How about posting a couple of recipes for us to see!!  We would love to see them otherwise your pictures serve no purpose nor you telling us how wonderful the food is.  Come on - give us a couple recipes.


----------



## Amazing324 (Sep 24, 2006)

Riveli
I just found this thread.  Thank you for the pictures.  They are very inspiring.  I am finding every day that I can be a better cook than I thought I could be.  Who knows, maybe some day I can try such recipes as those.
Until that day, I would love to hear more simple recipes from China for a beginner.  I love the food but have no experience with Chinese cooking.


----------



## shpj4 (Sep 24, 2006)

*Riverli*

I do not have any suggestions and I can't seem to find the thread with the pictures on it.  I will keep looking.

Happy Sunday.

Jill and Jolie


----------



## riverli (Sep 25, 2006)

dear Amazing324 and shpj4 ,only you have interest you will meet some intersting things, i am prepare some for friends soon,i am practice  and try to know the foreign circmstance now.


----------



## Amazing324 (Sep 25, 2006)

Thank you Riverli.  I will be reading and trying to find some meals that I can try.  I think in Chinese cooking there are many ingredients I don't usually have.  I will have to start keeping some new things in the house.


----------



## Ardor (Sep 26, 2006)

Please post some recipes. I'm sure a lot of us will not mind devoting a whole day to cooking!


----------



## Harborwitch (Sep 26, 2006)

Yes please post some recipes.  We just had an "Asian Night" pot-luck with all kinds of wonderful food.   We are on a Asian food binge right now - and I'd love to have some new Chinese recipes to fix.  I don't mind devoting whatever time is required to prep a wonderful meal for family and friends.


----------



## riverli (Sep 27, 2006)

i have post the fish ,meat, chinese dumping ,noodles recipes. because i think you can get these ingredient. and they are some easy cooking ones.

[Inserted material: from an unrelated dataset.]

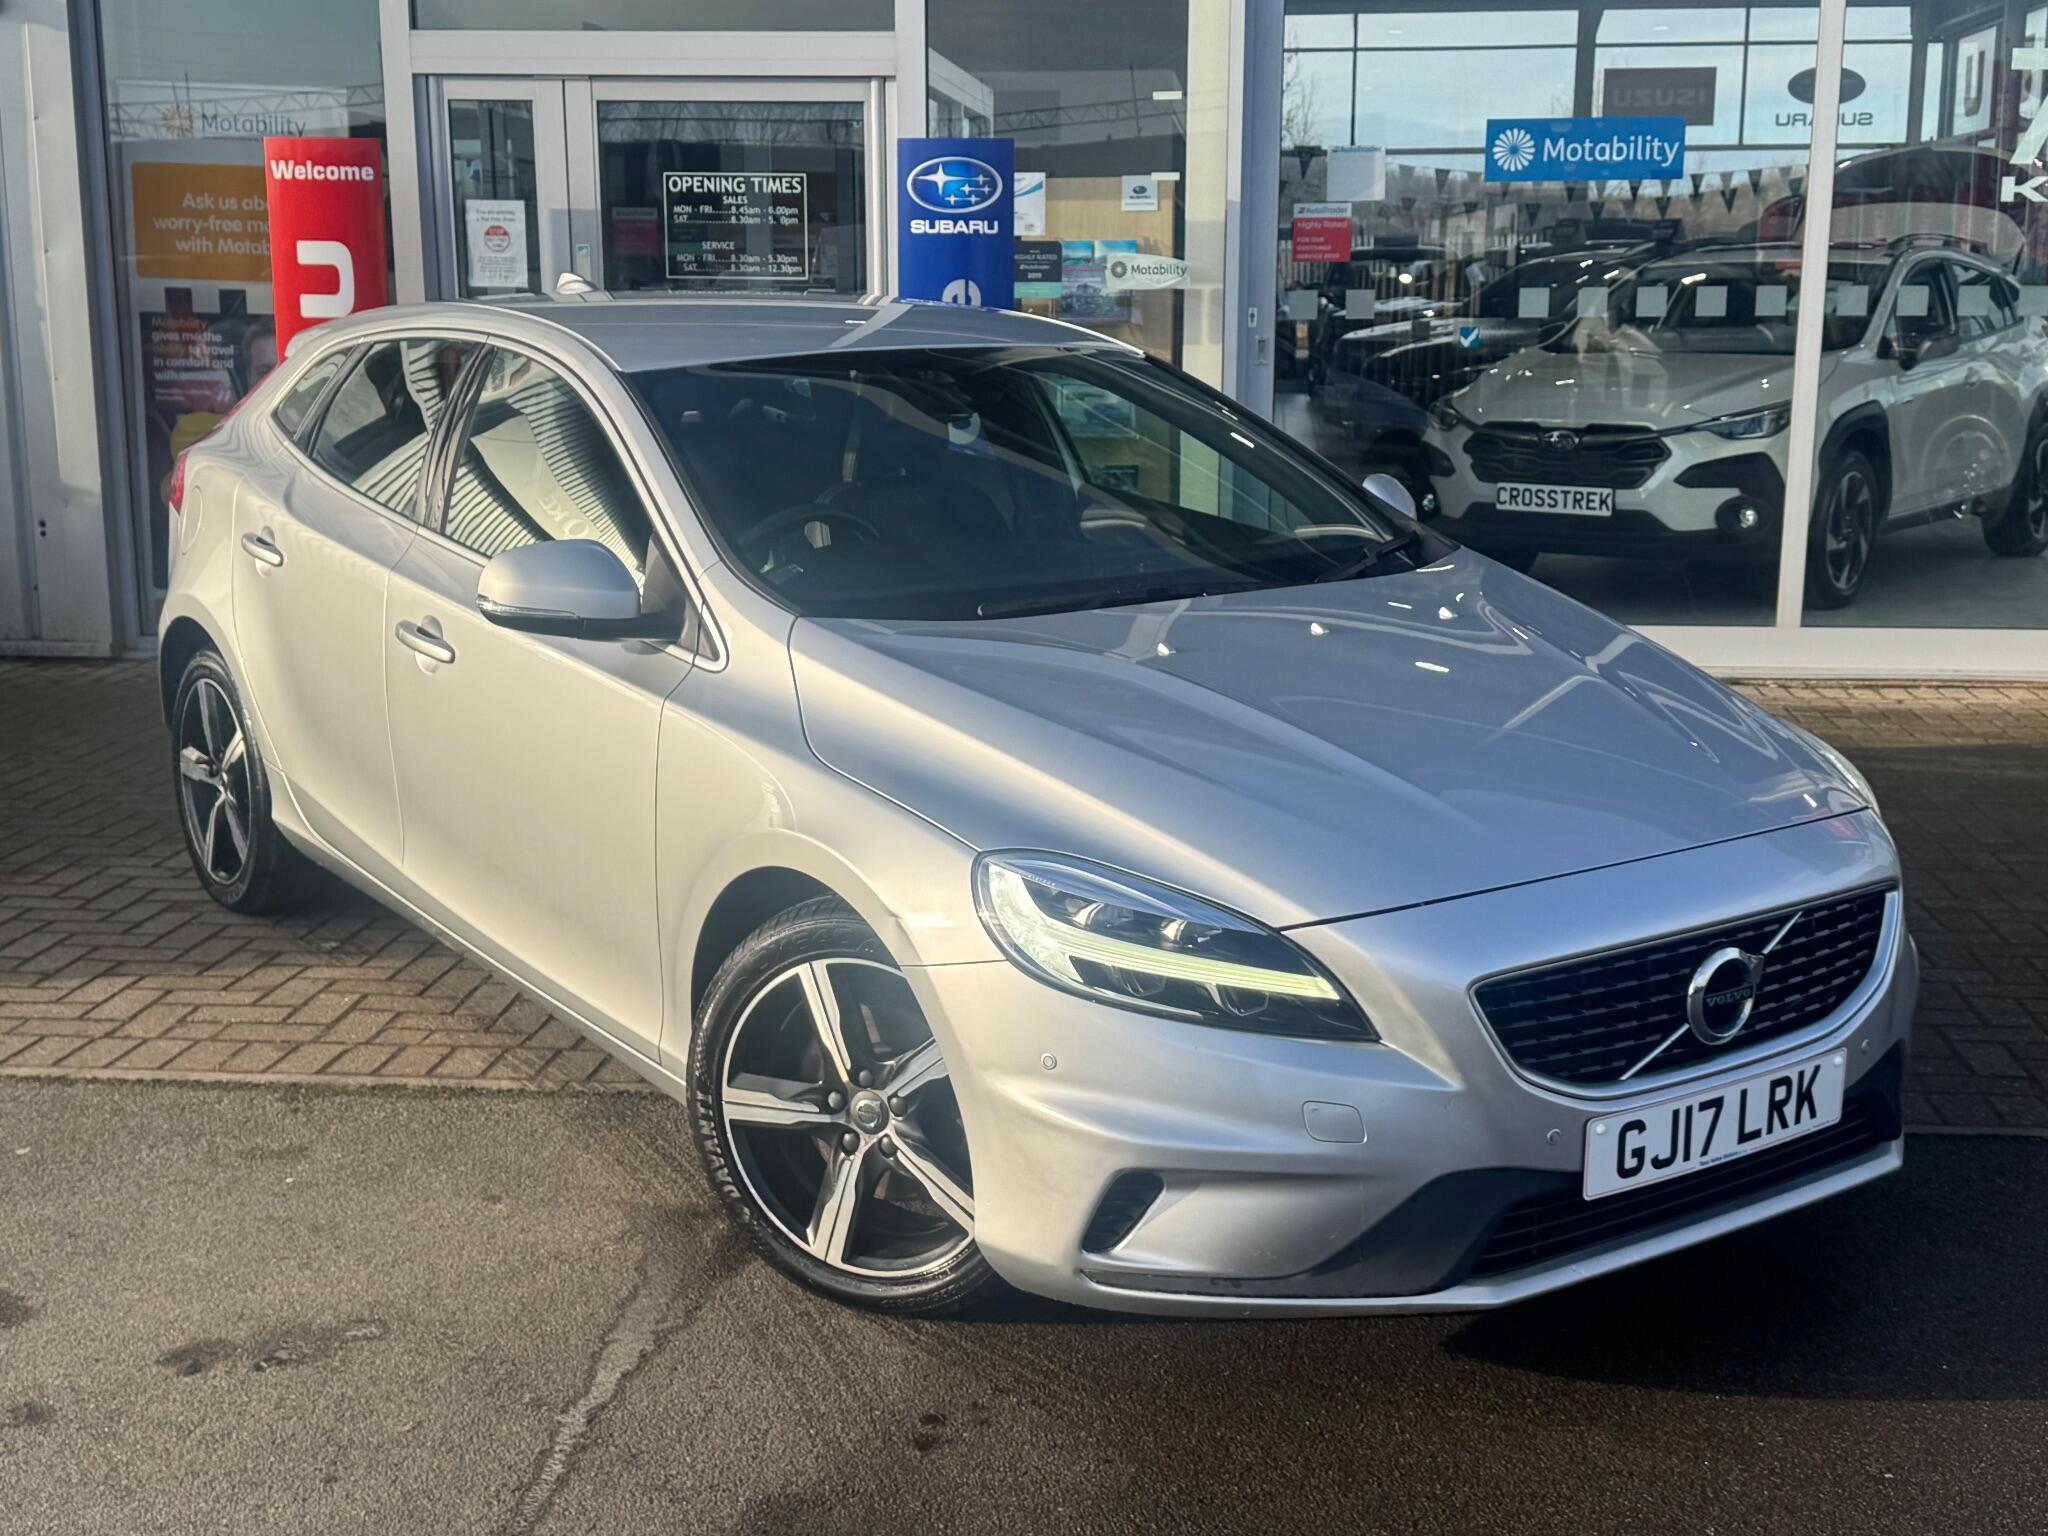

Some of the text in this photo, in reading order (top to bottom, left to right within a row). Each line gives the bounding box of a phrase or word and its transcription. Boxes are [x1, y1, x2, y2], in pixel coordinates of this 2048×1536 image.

in fact if you can cook the fish well ,you will love it http://www.discusscooking.com/forums/f21/my-favourite-chinese-dishes-4-a-26669.html

if you can cook the meat well
http://www.discusscooking.com/forums/f21/my-favourite-chinese-dishes-2-a-26591.html

you will find some unusual spicy and unusual cooking method. 

i recommend you to cook this noodles ,it's ingredient is some easy to get. and the taste is good ,the cook method is simple.
http://www.discusscooking.com/forums/f104/beautiful-chinese-dishes-23340-2.html

this one is simple ,can you cook them?
http://www.discusscooking.com/forums/f21/my-favourite-chinese-dishes-3-a-26632.html


----------



## riverli (Sep 27, 2006)

now i am work hard to make chinese rice wine ,i falled some first times,but i make my mind that i must produce it  succussfully.  because i love it indeed and it is really good taste,i love it.


    i am work hard to practice this meat too ,because i fell that the one i cooked is not the same good as my relative.   when i have finished i will give 
out them to more friends.


----------



## Harborwitch (Sep 27, 2006)

Thankyou!  I'll be printing and trying your recipes as soon as I can.  They all sound wonderful.


----------